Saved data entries
++++++++++++++++++++

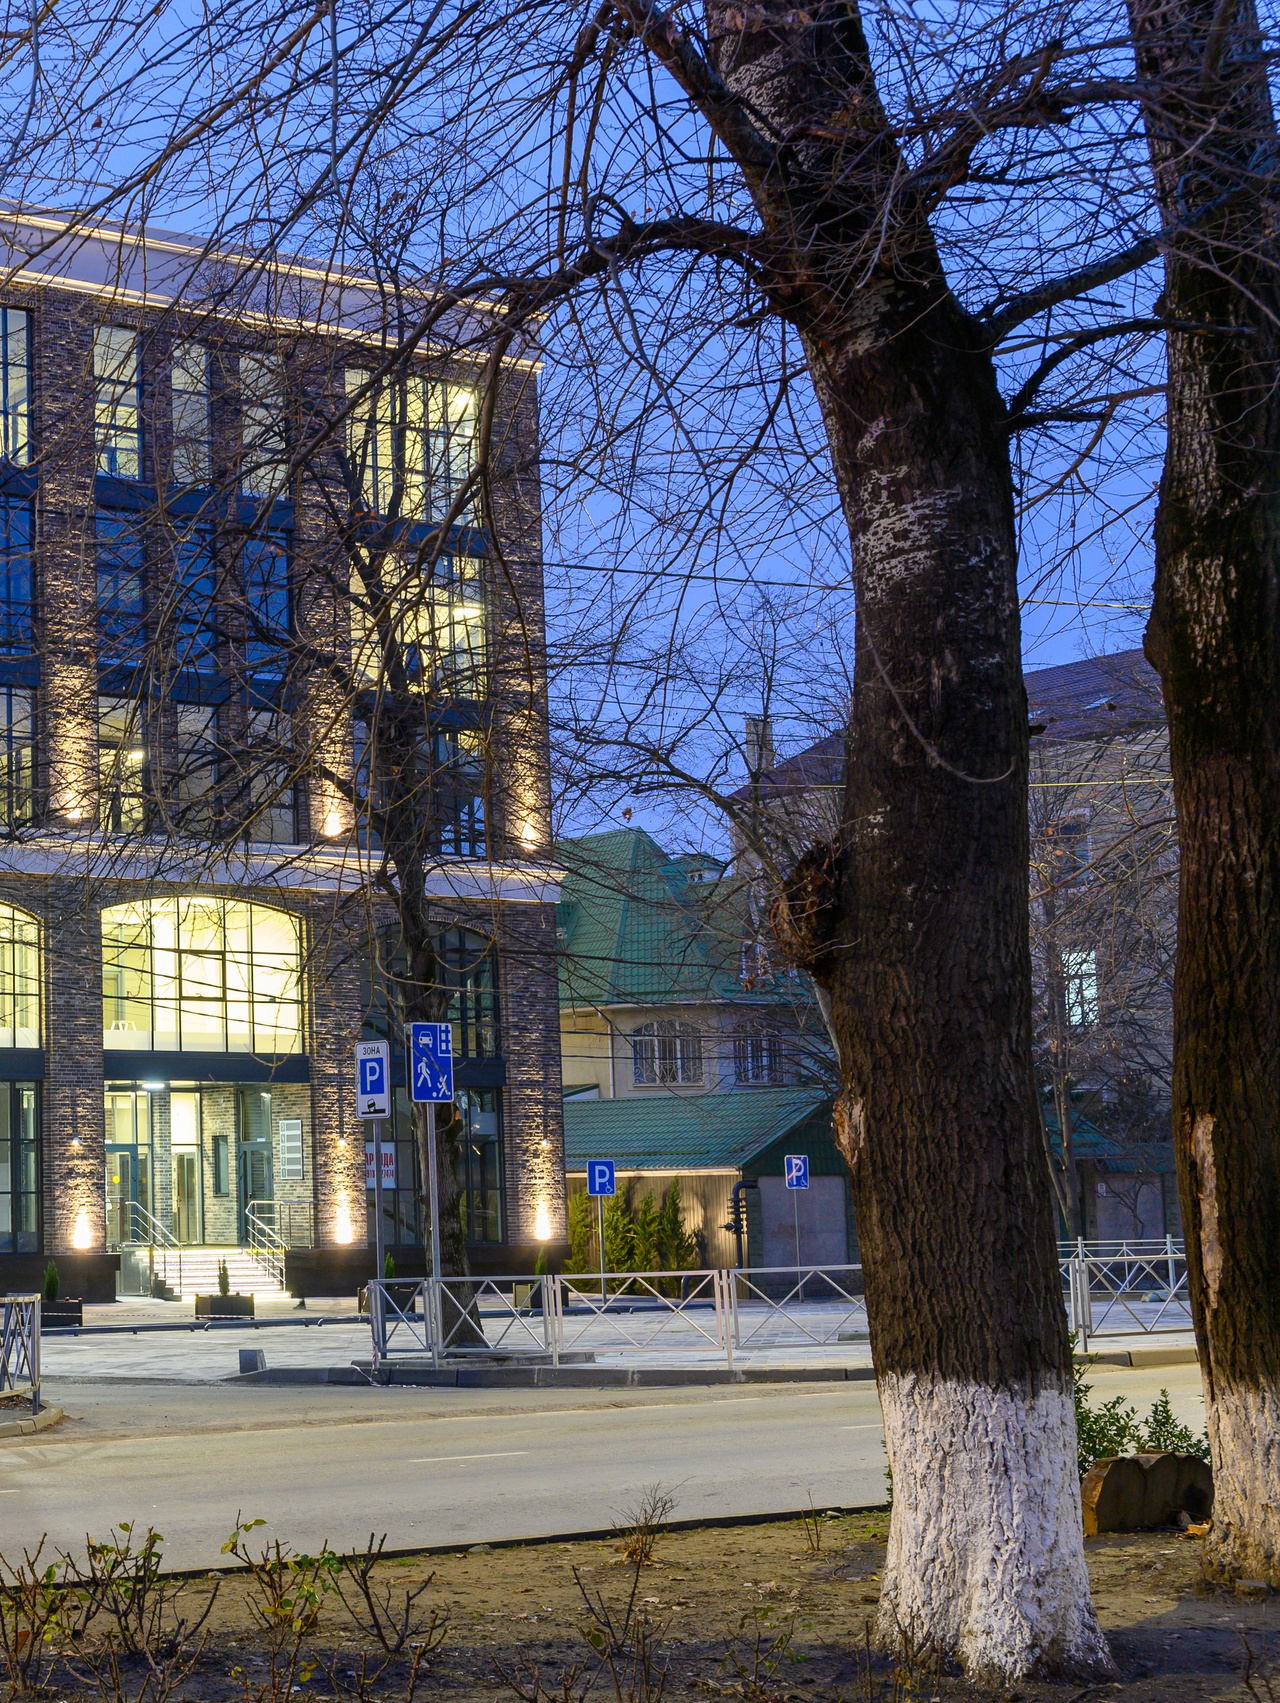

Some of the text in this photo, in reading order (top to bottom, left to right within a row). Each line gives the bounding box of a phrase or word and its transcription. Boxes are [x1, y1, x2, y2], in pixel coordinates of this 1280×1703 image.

[362, 1046, 381, 1056] ЗОНА
[366, 1061, 380, 1092] P
[595, 1165, 610, 1192] P
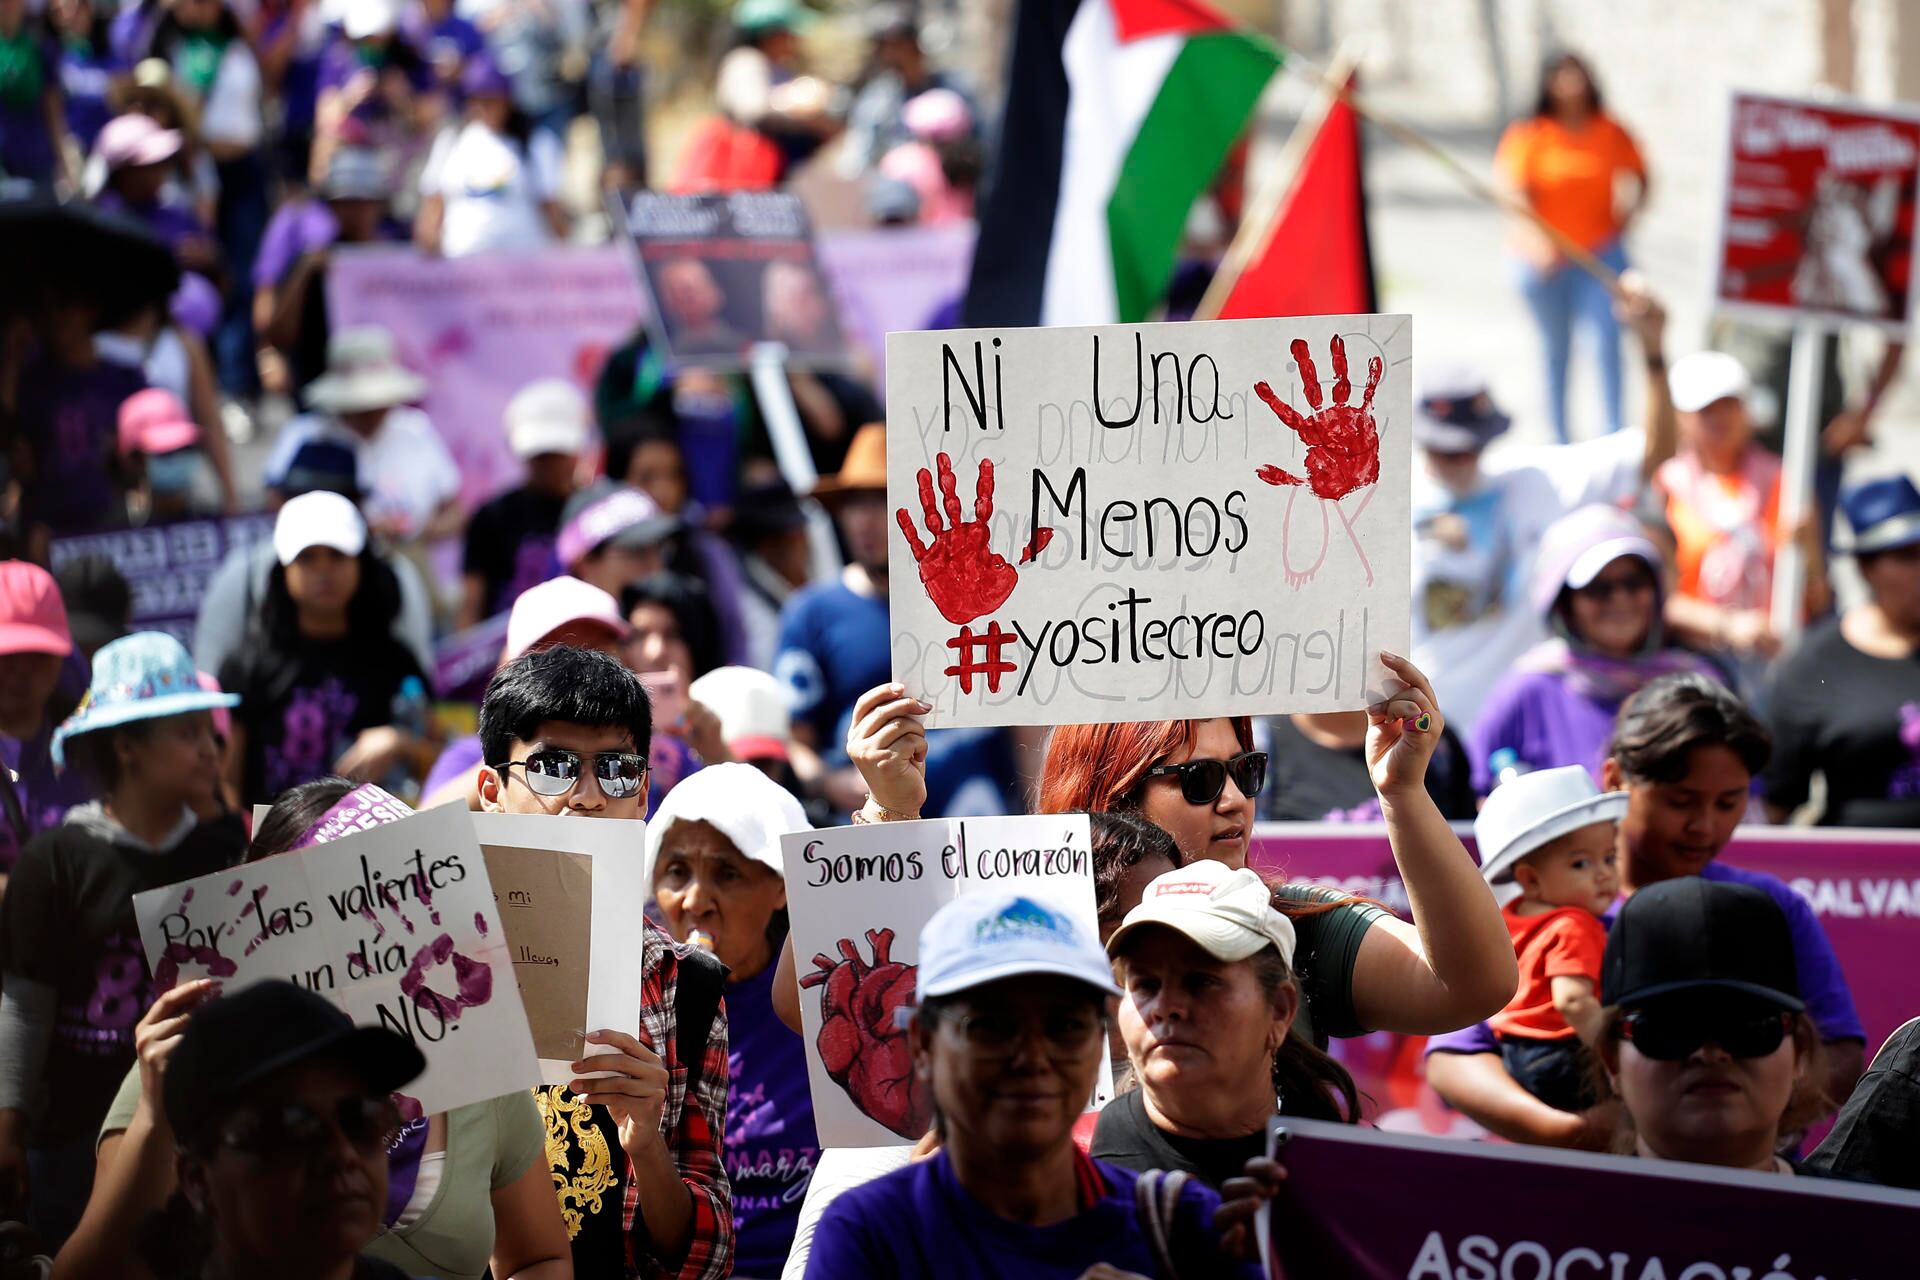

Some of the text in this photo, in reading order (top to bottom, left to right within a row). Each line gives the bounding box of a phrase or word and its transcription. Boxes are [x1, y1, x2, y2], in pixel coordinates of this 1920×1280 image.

[942, 331, 1234, 432] Ni Una
[1031, 467, 1249, 562] Menos
[944, 587, 1265, 696] #yositecreo
[159, 849, 466, 951] Por las valientes
[803, 821, 1088, 887] Somos el corazón
[1786, 877, 1920, 918] SALVA
[291, 933, 408, 993] un día

++++++++++++++++++++

> **WORK INSTRUCTIONS**
Take the line that contains "this 1920×1280 image." and every line after it to the end of the entries above, and reproduce them exactly.

> **RESULT OF THIS EXERCISE**
Some of the text in this photo, in reading order (top to bottom, left to right within a row). Each line gives the bounding box of a phrase or word and its transcription. Boxes are [x1, y1, x2, y2], in pixel coordinates of this 1920×1280 image.

[942, 331, 1234, 432] Ni Una
[1031, 467, 1249, 562] Menos
[944, 587, 1265, 696] #yositecreo
[159, 849, 466, 951] Por las valientes
[803, 821, 1088, 887] Somos el corazón
[1786, 877, 1920, 918] SALVA
[291, 933, 408, 993] un día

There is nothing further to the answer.